NoViolet Bulawayo, a woman who hails from New Lobengula in Bulawayo, has scooped this year’s Caine Prize for African Writing.

NoViolet Bulawayo
NoViolet Bulawayo

Her winning short story called Hitting Budapest, is about the adventures of a group of poor children from a shanty town who decide to raid a well off neighbourhood for guavas. They encounter a rich woman and insult her for throwing away a piece of pizza, a food they discover for the first time in their lives. On their way back home they come across the body of someone who has committed suicide.

NoViolet told SW Radio Africa: “The real story is in the issues. Issues like what happens when two different worlds, rich and poor, meet in problematic ways, innocence and the loss of it, violence, humanity and the lack of it. Those are some of the issues in the story I’m interested in.”

Asked if her story is related to the current situation in Zimbabwe, she said it was linked through the interrogation of the issue of poverty. “The real issue is that a lot of people are living below the poverty line and children, being society’s most vulnerable victims, are suffering the brunt of it,” she said.

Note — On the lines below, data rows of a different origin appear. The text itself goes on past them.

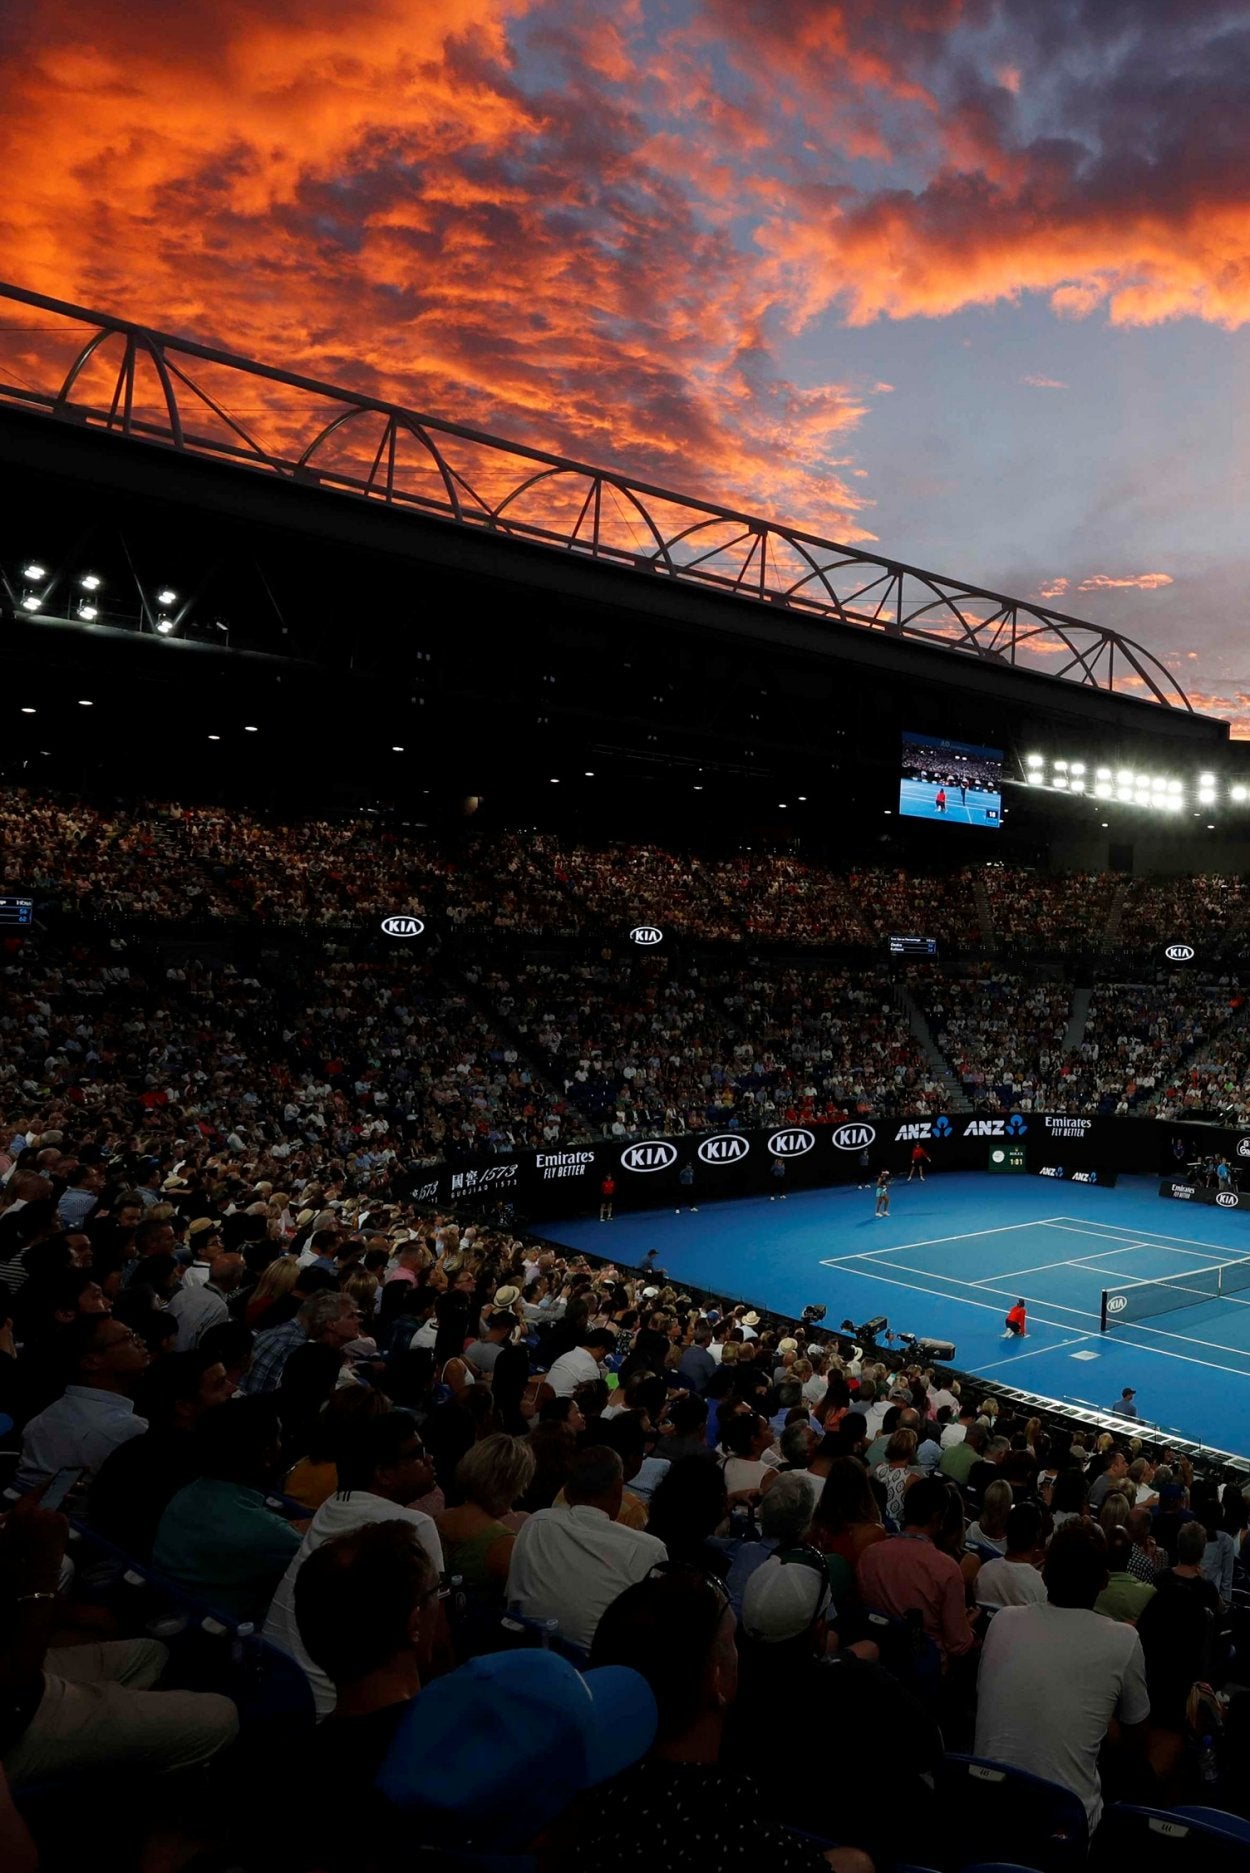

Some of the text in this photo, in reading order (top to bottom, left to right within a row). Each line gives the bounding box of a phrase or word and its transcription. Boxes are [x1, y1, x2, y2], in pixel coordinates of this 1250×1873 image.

[389, 921, 416, 933] KIA
[635, 930, 657, 941] KIA
[1169, 948, 1190, 957] KIA
[963, 1120, 1005, 1136] ANZ
[1045, 1116, 1092, 1128] Emirates
[840, 1128, 868, 1145] KIA
[894, 1122, 931, 1141] ANZ
[1051, 1128, 1085, 1137] FLY BETTER
[776, 1133, 807, 1152] KIA
[707, 1140, 740, 1159] KIA
[536, 1151, 595, 1168] Emirates
[630, 1147, 668, 1167] KIA
[544, 1164, 585, 1179] FLY BETTER
[1039, 1166, 1056, 1177] ANZ
[1072, 1171, 1089, 1183] ANZ
[1220, 1196, 1235, 1204] KIA
[1110, 1299, 1124, 1310] KIA
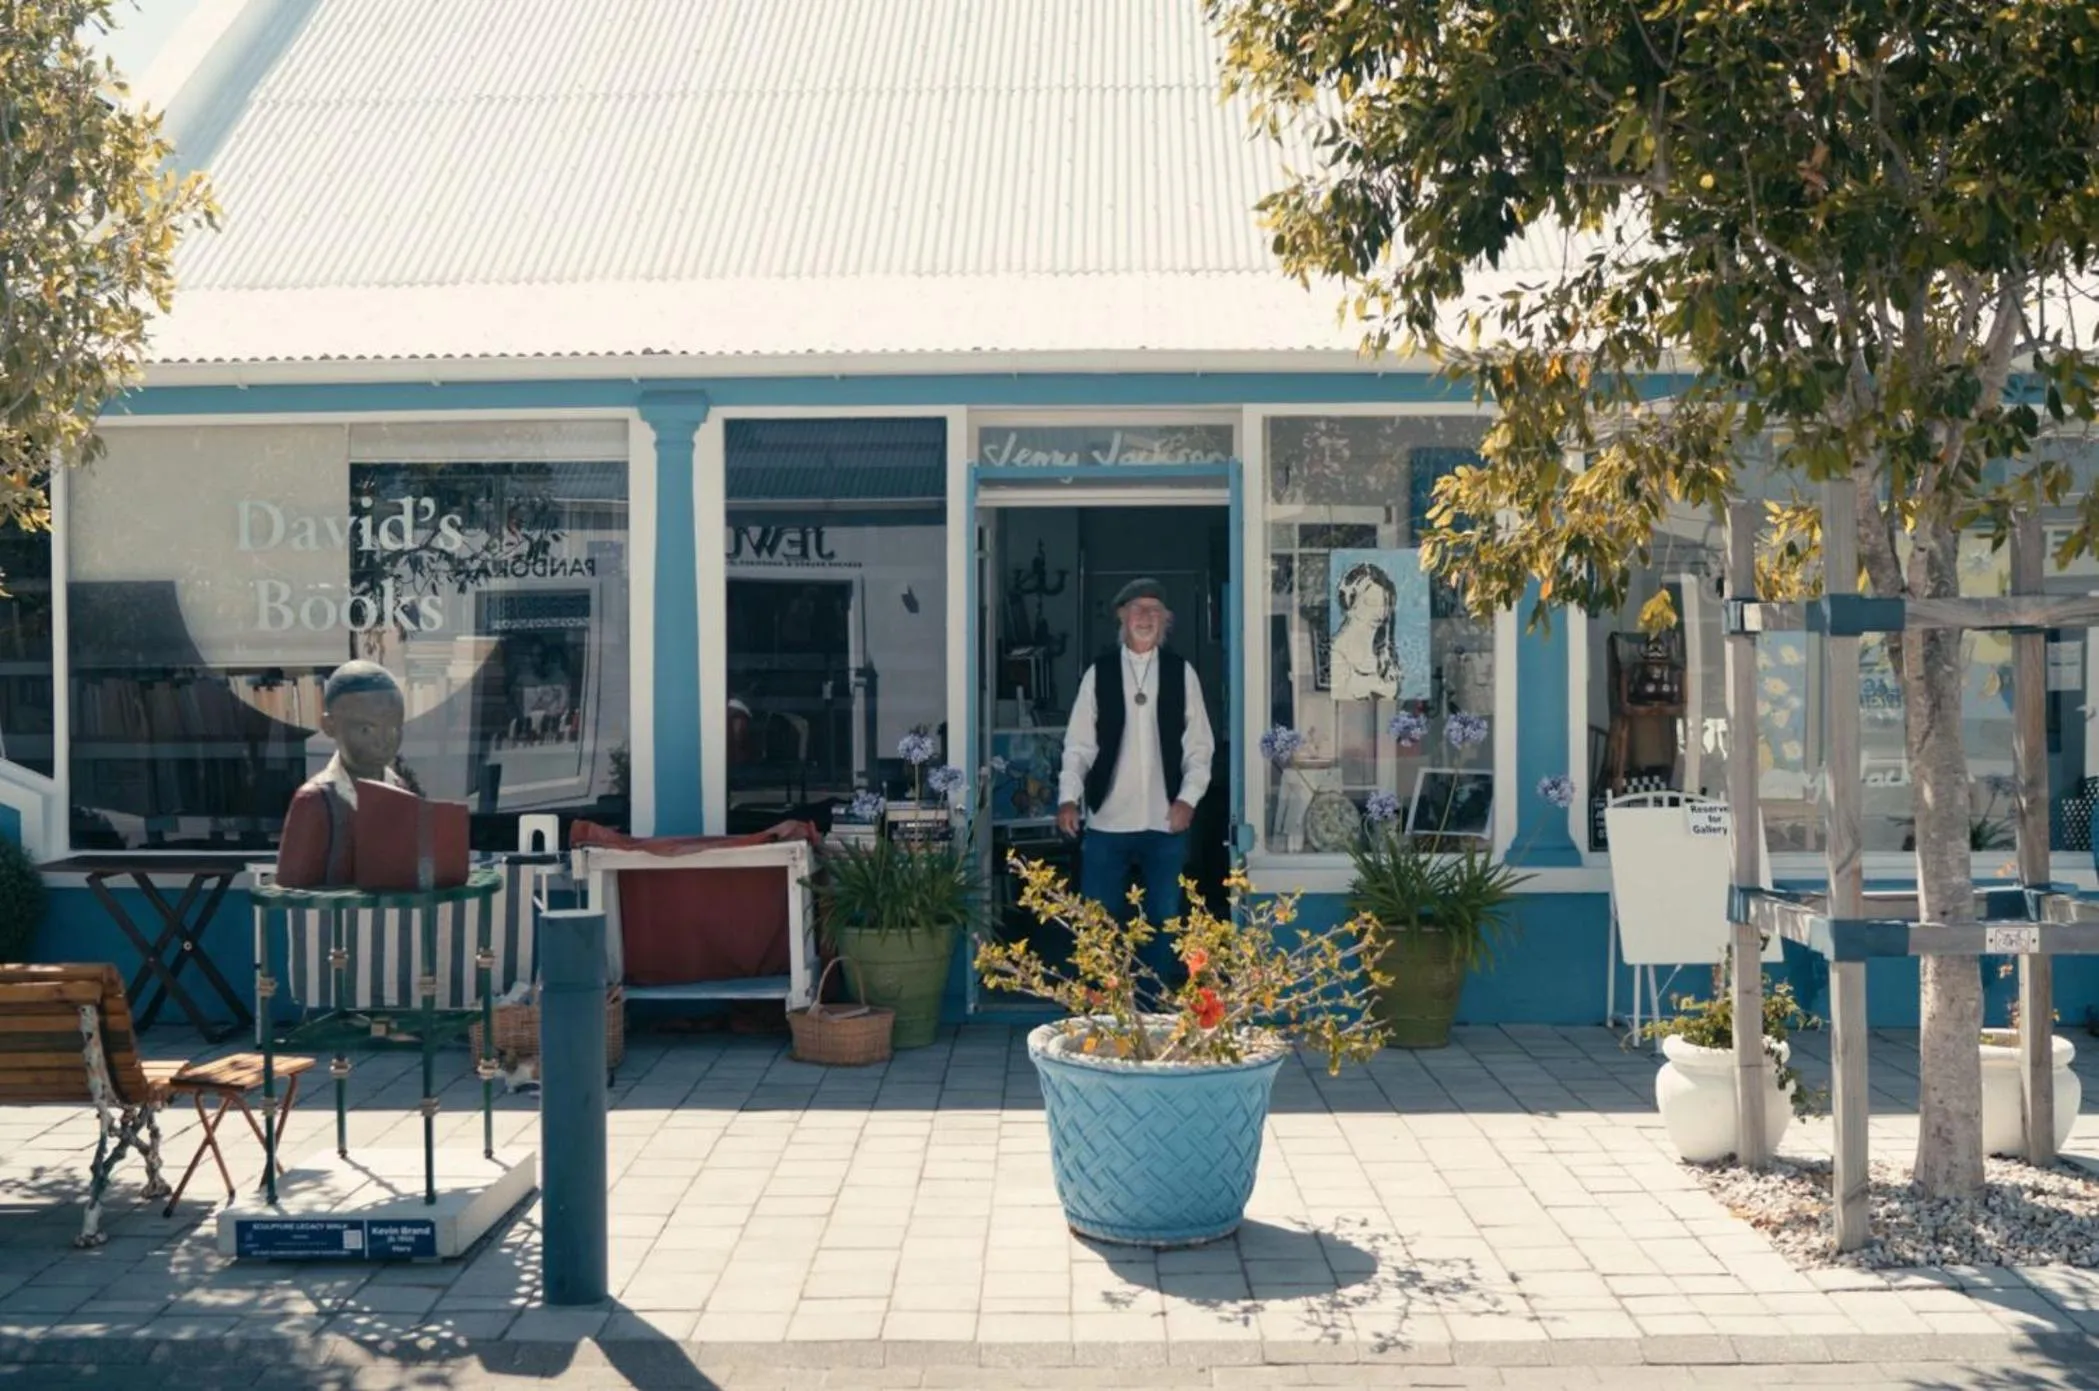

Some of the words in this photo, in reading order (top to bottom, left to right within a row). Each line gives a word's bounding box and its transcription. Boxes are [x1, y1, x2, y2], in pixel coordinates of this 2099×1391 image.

[236, 495, 462, 551] David's
[256, 577, 443, 632] Books
[1708, 815, 1721, 823] for
[1693, 825, 1728, 836] Gallery
[371, 1226, 398, 1235] Kevin
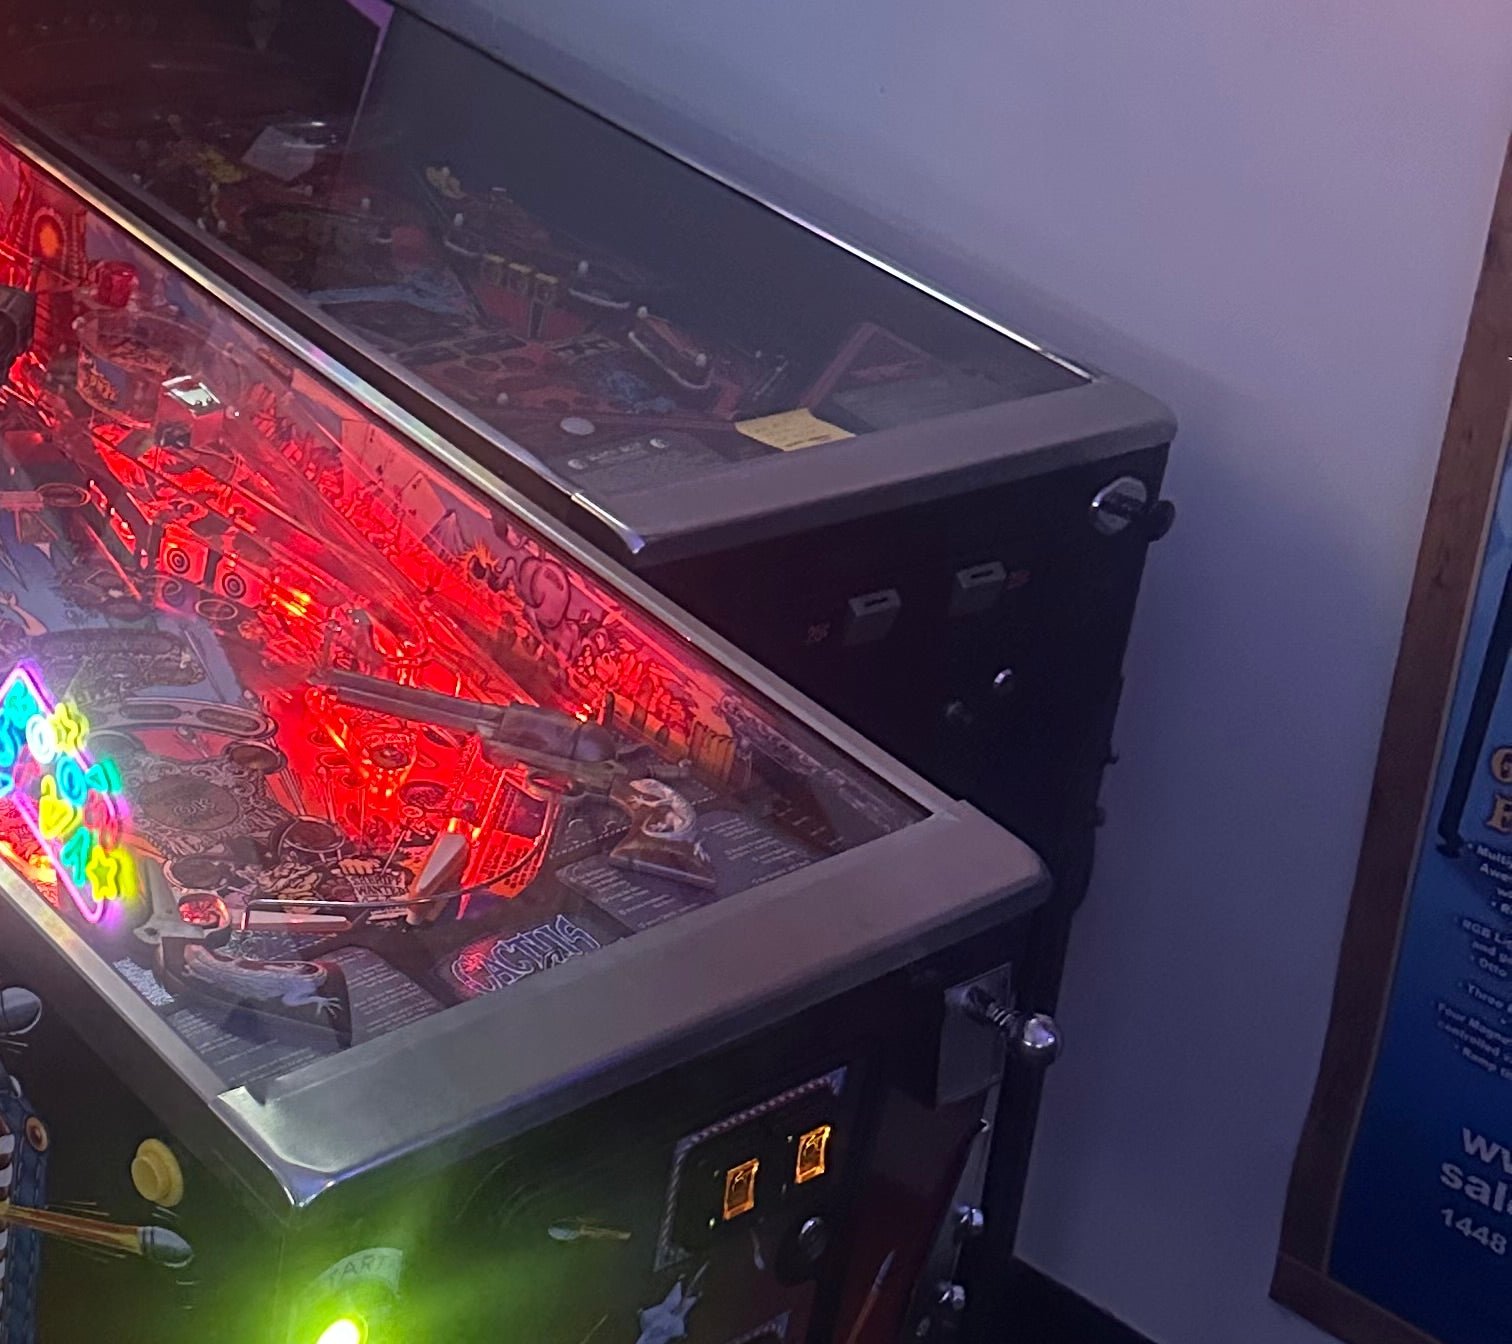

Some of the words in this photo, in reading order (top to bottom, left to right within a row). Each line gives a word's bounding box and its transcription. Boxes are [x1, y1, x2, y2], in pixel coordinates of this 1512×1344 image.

[450, 913, 601, 994] CACTUS
[1440, 1207, 1507, 1256] 1448
[322, 1253, 394, 1290] TART
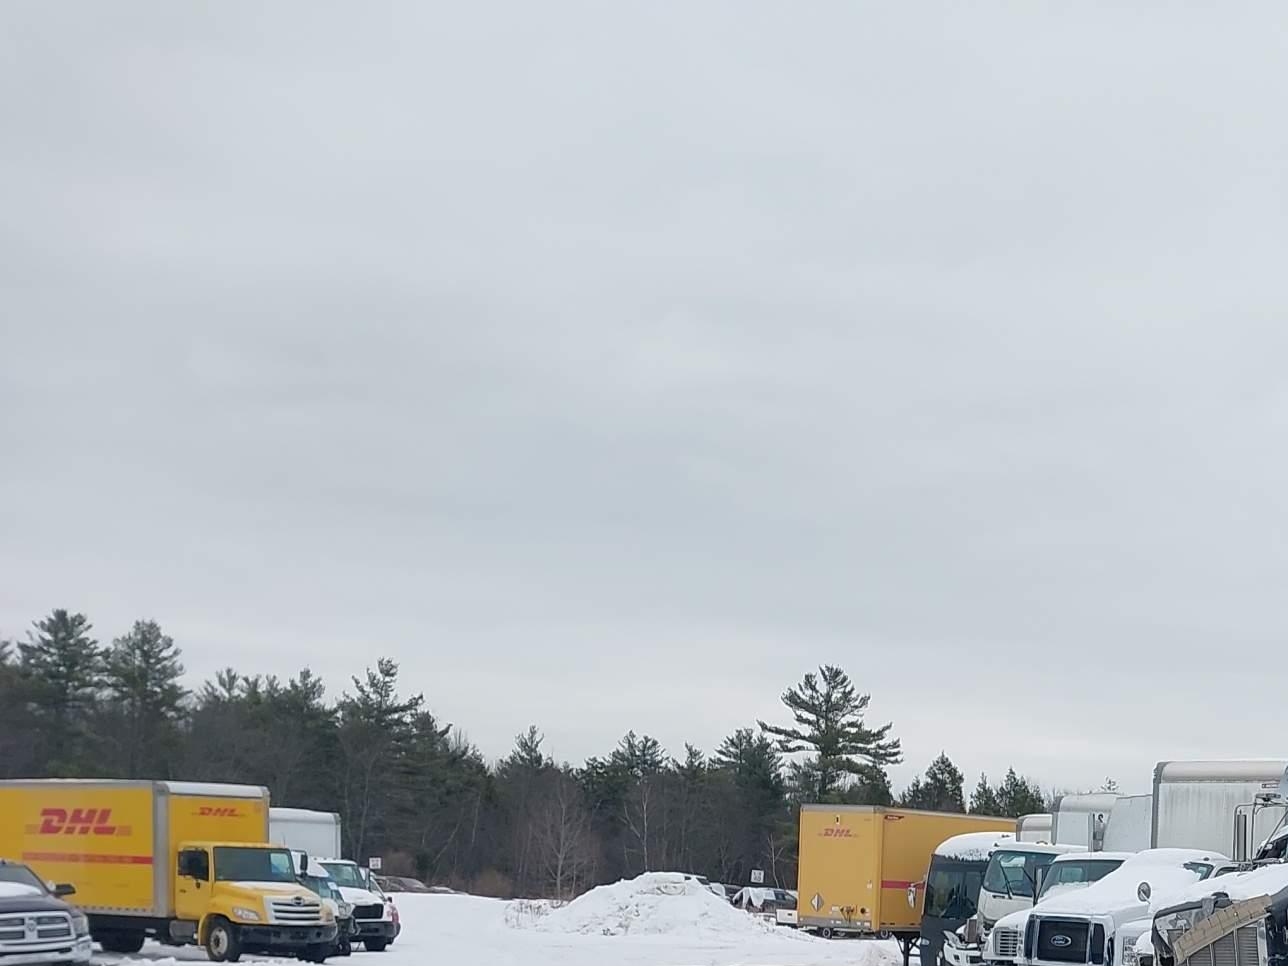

As Caine Prize winner NoViolet receives £10,000 cash and will be given the opportunity to take up a month’s residence at Georgetown University, Washington DC, as a writer-in-residence. The award will cover all travel and living expenses.

NoViolet works as a lecturer at Cornell University in New York and said one day she hopes to become a full time writer.

In 2004 another Zimbabwean, Brian Chikwava, won the Caine Prize for his story Seventh Street Alchemy. He has gone onto publish his first novel, Harare North.

Ellah Allfrey OBE, publisher and Granta deputy editor, said the prize will catapult NoViolet to great opportunities in the publishing world. “What the Caine Prize does is it really hurtle you up onto the world’s stage. It brings you to the attention of publishers and literary agents. I think it can only be a good thing,” she explained.